Objective
Elevated interleukin-6 (IL-6) level in midtrimester amniotic fluid is associated with preterm delivery. We hypothesized that, in patients with elevated IL-6, vitamin C and alpha-fetoprotein may provide protection from spontaneous preterm delivery through antioxidant functions.
Study Design
Antioxidant potential of alpha-fetoprotein was assessed in vitro. Amniotic fluid was collected from a prospective cohort of patients who underwent midtrimester amniocentesis. In patients with IL-6 >600 pg/mL, alpha-fetoprotein, vitamin C, tumor necrosis factor–alpha, tumor necrosis factor receptors, and antioxidant capacity were compared between subjects with spontaneous preterm and term deliveries.
Results
Alpha-fetoprotein demonstrated 75% the antioxidant capacity of albumin in vitro. Of 388 subjects, 73 women had elevated IL-6 levels. Among these subjects, alpha-fetoprotein, but not vitamin C, was significantly lower in 9 women with preterm birth. Antioxidant capacity correlated with vitamin C and tumor necrosis factor receptors, but not with alpha-fetoprotein or pregnancy outcome.
Conclusion
Amniotic fluid alpha-fetoprotein, but not vitamin C, may protect against preterm birth in patients with elevated midtrimester IL-6 levels.
Preterm birth continues to be a serious and costly problem because it occurs in >12% of pregnancies or 1 in 8 births in the United States. In addition, prematurity accounts for most perinatal morbidity and neonatal death. Intrauterine infection and inflammation are associated strongly with preterm birth. Inflammatory cytokines such as interleukin-6 (IL-6) and tumor necrosis factor –alpha (TNF-α) are elevated significantly in amniotic fluid samples that are obtained at the time of preterm labor. Evidence also indicates that subclinical inflammation may start as early as 15-20 weeks gestation, as reflected by elevated levels of IL-6 in amniotic fluid samples from asymptomatic patients who subsequently delivered at <34 weeks of gestation.

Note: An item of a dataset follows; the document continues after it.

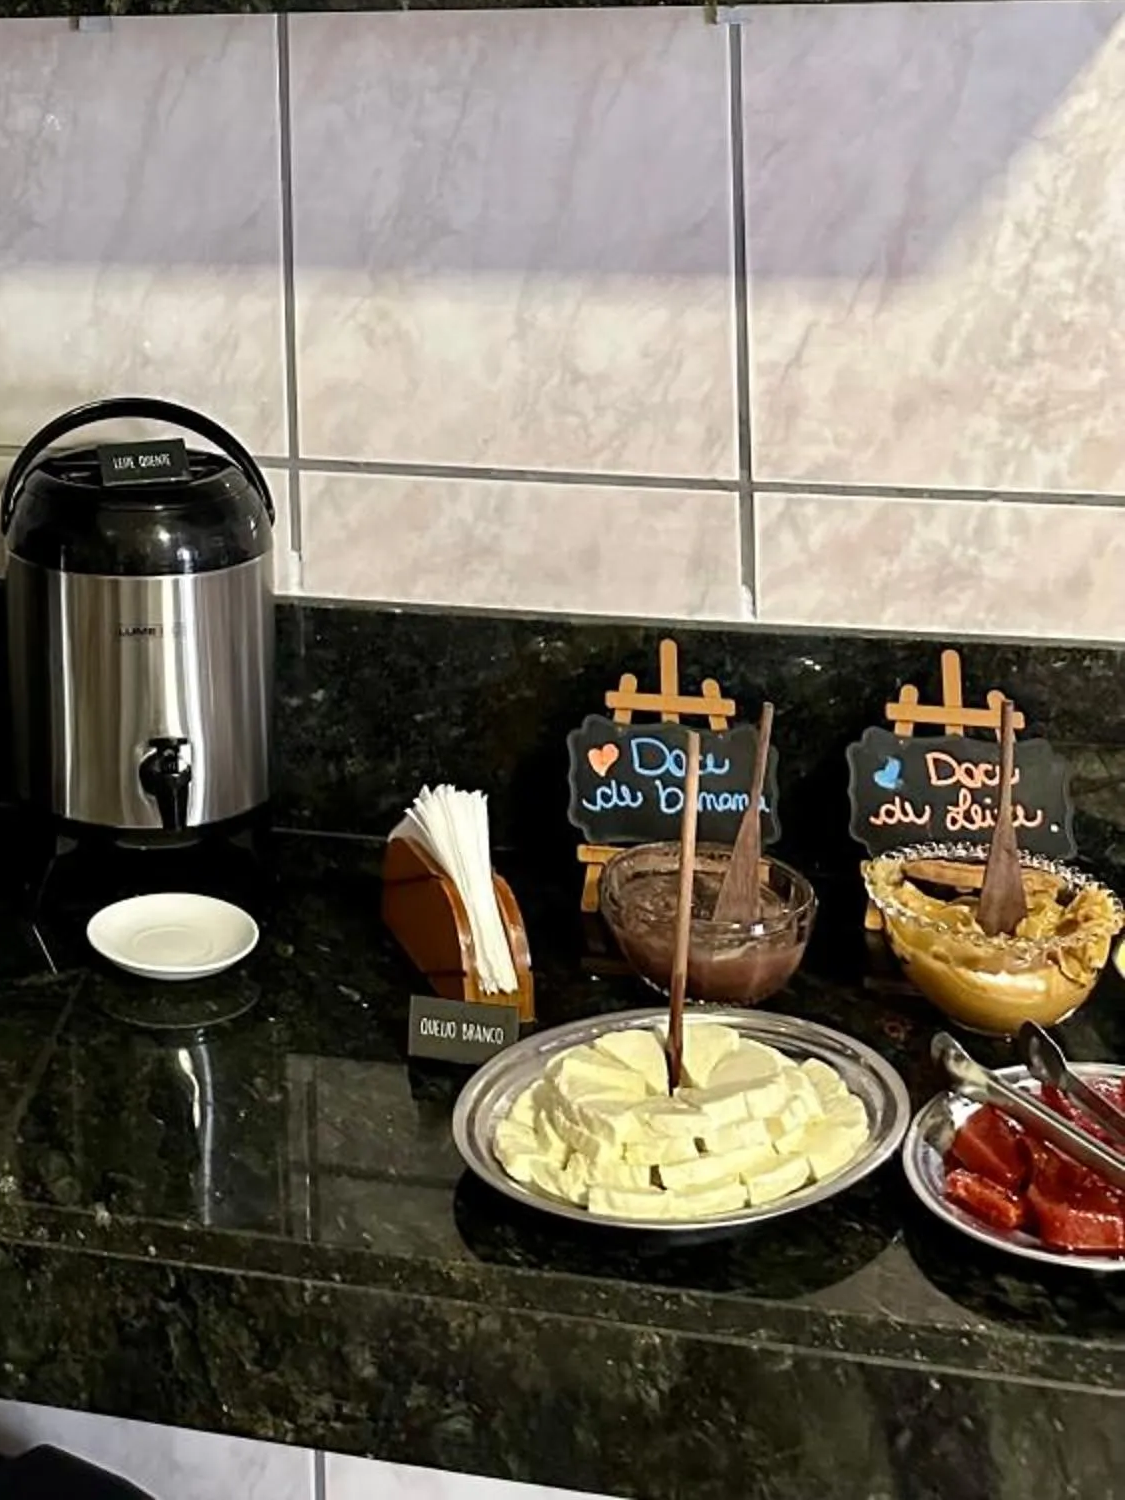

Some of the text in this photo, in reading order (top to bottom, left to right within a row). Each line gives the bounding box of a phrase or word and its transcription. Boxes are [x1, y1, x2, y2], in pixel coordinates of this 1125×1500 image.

Preterm premature rupture of membranes (PPROM) occurs in 2-4% of pregnancies but is associated with up to 40% of admissions of premature babies to the neonatal intensive care unit. Recognized risk factors for PPROM include intrauterine infection, midtrimester bleeding, smoking, and cocaine abuse. Substantial evidence indicates that reactive oxygen species are generated through these same processes. Specifically, free radicals are released by macrophages and neutrophils during microbial killing and by tissue ischemia followed by reperfusion because of transient vasoconstriction that is related to smoking or cocaine use. In addition, iron that is released from subchorionic hemorrhage is able to catalyze the conversion of superoxide to the hydroxyl radical, which is a highly active reactive oxygen species.
Vitamins C and E scavenge reactive oxygen species and may protect the chorioamnion from reactive oxygen species–induced damage during pregnancy. Vitamin C, a water soluble vitamin, protects collagen from enzymes (metalloproteinases) that degrade collagen. Vitamin C also stimulates fibroblasts in the chorioamnion to produce collagen and stabilizes the cross-linkages in the collagen triple helix that provide strength to the collagen at body temperature. Several clinical studies have shown a correlation between low plasma vitamin C levels and increased risk of PPROM. In addition, low vitamin C levels in the amniotic fluid also have been associated with PPROM.
To date, there are no studies that evaluate amniotic fluid vitamin C levels in the mid trimester in humans. In term, uncomplicated cases before the onset of labor, amniotic fluid vitamin C levels are significantly higher than vitamin C levels in maternal or fetal plasma. Studies in guinea pigs have revealed decreasing levels of amniotic fluid vitamin C with advancing gestational age. If vitamin C plays an antioxidant role in the intrauterine environment, higher levels in pregnancies that are at risk for spontaneous preterm delivery may be protective.
Alpha-fetoprotein is the main serum-binding globulin during fetal life. Fetal alpha-fetoprotein is synthesized primarily in the liver, although the gastrointestinal tract and yolk sac are responsible for some production as well. Despite the fact that hepatic production of alpha-fetoprotein remains relatively constant in the fetus throughout gestation, amniotic fluid alpha-fetoprotein peaks at 20 μg/mL at 12-14 weeks, which corresponds to the peak in fetal serum alpha-fetoprotein, and falls through gestation after this point. Presumed to be similar to albumin in its role, alpha-fetoprotein appears to have the antioxidant properties that albumin has been shown to exhibit, which includes the ability to protect tumor cells from the cytotoxic effects of TNF. It has recently become apparent that alpha-fetoprotein also is capable of modulating and inhibiting growth, which may explain the reason that macrosomia is associated with very low maternal serum alpha-fetoprotein. The interactions between alpha-fetoprotein and cell regulation are not well-characterized and are extremely complex, but it is clear that alpha-fetoprotein has significant regulatory effects on cell growth through apoptosis, signal transduction, and cytostatic or cytotoxic mechanisms.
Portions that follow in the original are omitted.